Medial Epicondyle Apophysitis ICD-10

 

Medial Epicondyle Apophysitis ICD-9

  • 719.42 (traction aphysitis of the medial epicondyle)

Medial Epicondyle Apophysitis Etiology / Epidemiology / Natural History

  • Common in youth baseball (Gugenheim JJ Jr, AJSM 1977;4: 189)
  • Throwing exposes the medial elbow to high tension forces and the lateral elbow to high compression forces.
  • Repetitive valgus stresses to the elbow occuring during the late cocking and acceleration phases of throwing can lead to medial elbow injury.
  • Valgus forces can result in repetitive submaximal injury and apophyseal fragmentation or acute avulsion of the medial epicondyle apophysis
  • Medial epicondylar apophyseal fragmentation occurs in 4% of recreational pitchers age 9 to 18. (Torg JS, Pediatrics 1972;49: 267)

Medial Epicondyle Apophysitis Anatomy

  • The medial epicondyle growth plate (apophysis) is weaker than the medial collateral ligament in skeletally immature individuals.
  • The pronator flexor muscle mass inserting into the medial epiconyle also contributes to high tension forces seen during the late cocking and acceleration phases of throwing.
  • Medial epicondyle is most vulnerable between 11-13 years old as the physis is beginning to close.
  • See also Elbow Anatomy.

Medial Epicondyle Apophysitis Clinical Evaluation

  • Medial elbow pain with throwing.
  • Medial epicondyle tenderness.
  • Acute pain and loss of motion in avulsion fracture.
  • Often 10°-15° flexion contracture.
  • Valgus Stress Test: valgus load applied to elbow with the elbow flexed 20° . Positive results = reproduction of medial elbow pain and valgus laxity greater on injured side as compared to contralateral side.
  • Moving Valgus Stress Test: rapid extention from full flexion while maintaining a constant valgus stress. Positive result = reproduction of medial elbow pain.

Medial Epicondyle Apophysitis Xray / Diagnositc Tests

  • Bilateral A/P, lateral and oblique elbow xrays indicated. Evaluate for widening of the medial epicondyle apophysis, medial epiconyle fragmentation or medial epicondyle avulsion.

Medial Epicondyle Apophysitis Classification / Treatment

  • Medial epicondyle apophysitis: no throwing fot 2-3 months, rest, ice, occasional splinting hasproven successful, and surgery is usually not required. (Torg JS, Am Fam Physician 1972;6:71)
  • Medial epicondyle avulsion: displaced greater than 1cm, or valgus instability should be treated with ORIF usually with a single screw.(Woods GW, Am J Sports Med 1977;5: 23), (Hines RF, CORR 1987;223:170)
  • Medial epicondyle avulsion: non-displaced in a non-throwing athlete without instability: splint immobilization for 5-7 days followed by early motion.

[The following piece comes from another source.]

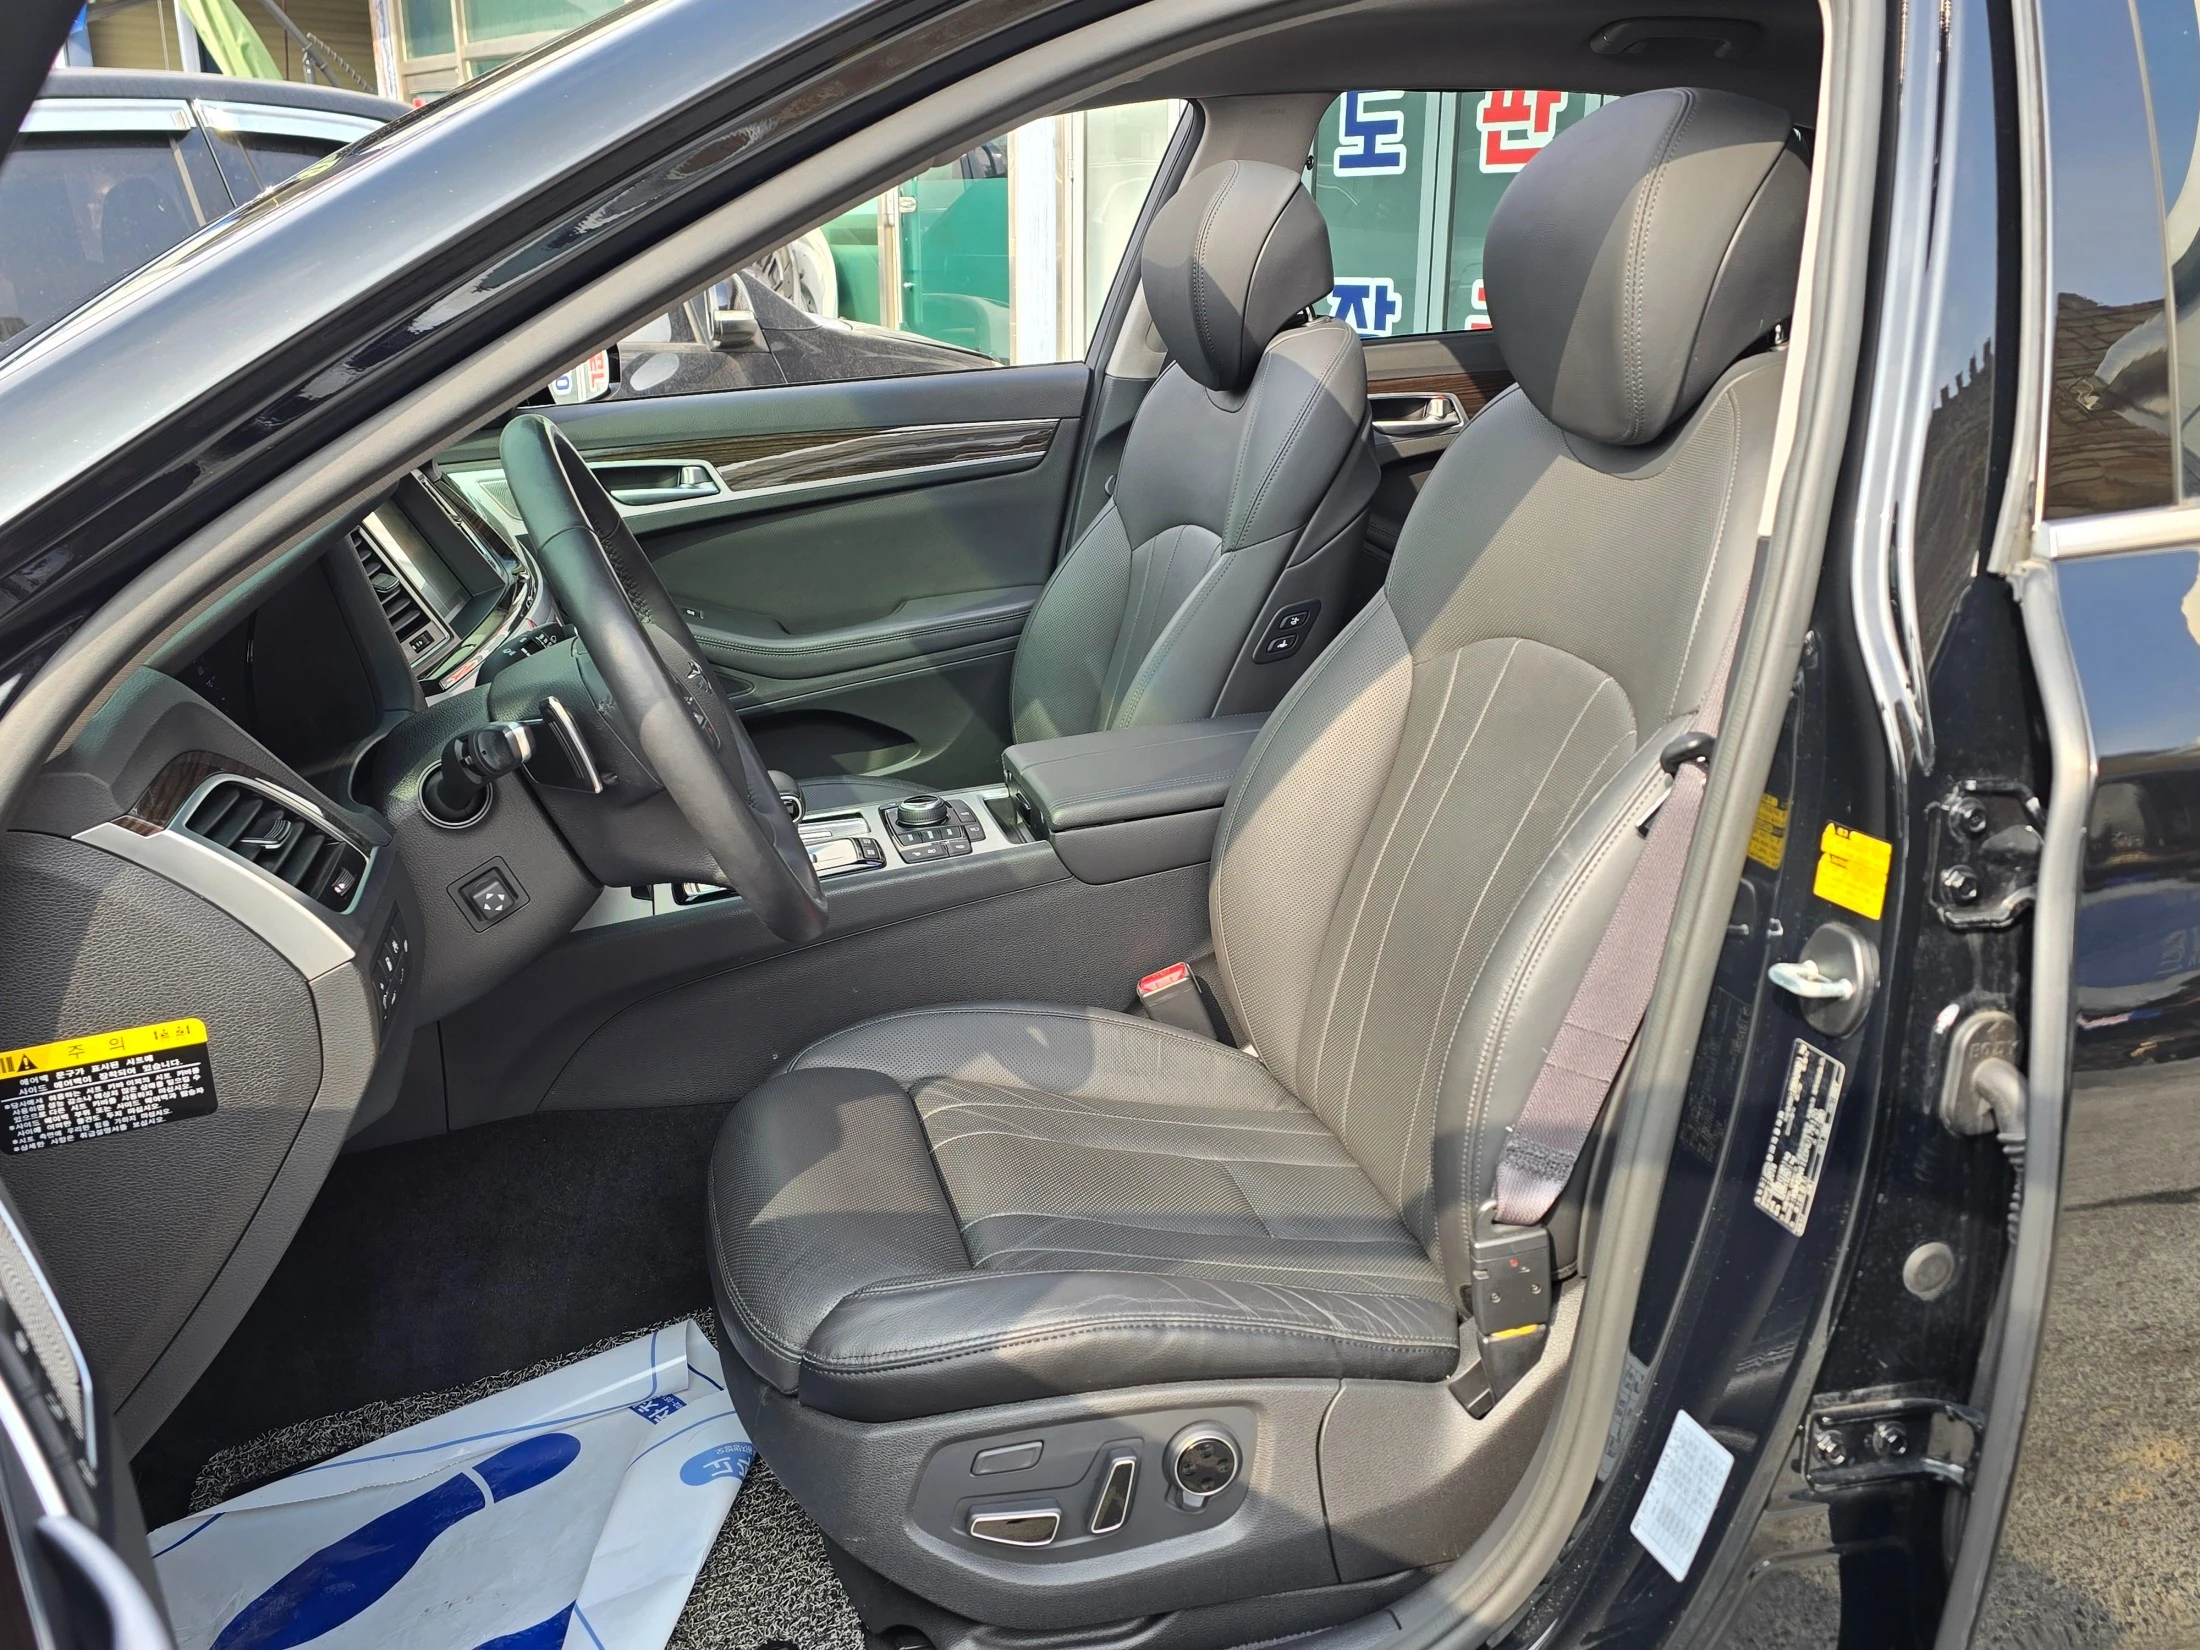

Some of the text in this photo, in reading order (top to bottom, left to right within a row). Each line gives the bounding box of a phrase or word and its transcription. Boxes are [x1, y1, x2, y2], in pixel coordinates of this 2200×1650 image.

Medial Epicondyle Apophysitis Associated Injuries / Differential Diagnosis

Medial Epicondyle Apophysitis Complications


Medial Epicondyle Apophysitis Follow-up Care

  • Prevention can be accomplished by rules limiting the number and type of pitches allowed in youth baseball along with education of Little League coaches, parents, and throwers. (Andrews JR, J Orthop Sports Phys Ther 1998;27: 187)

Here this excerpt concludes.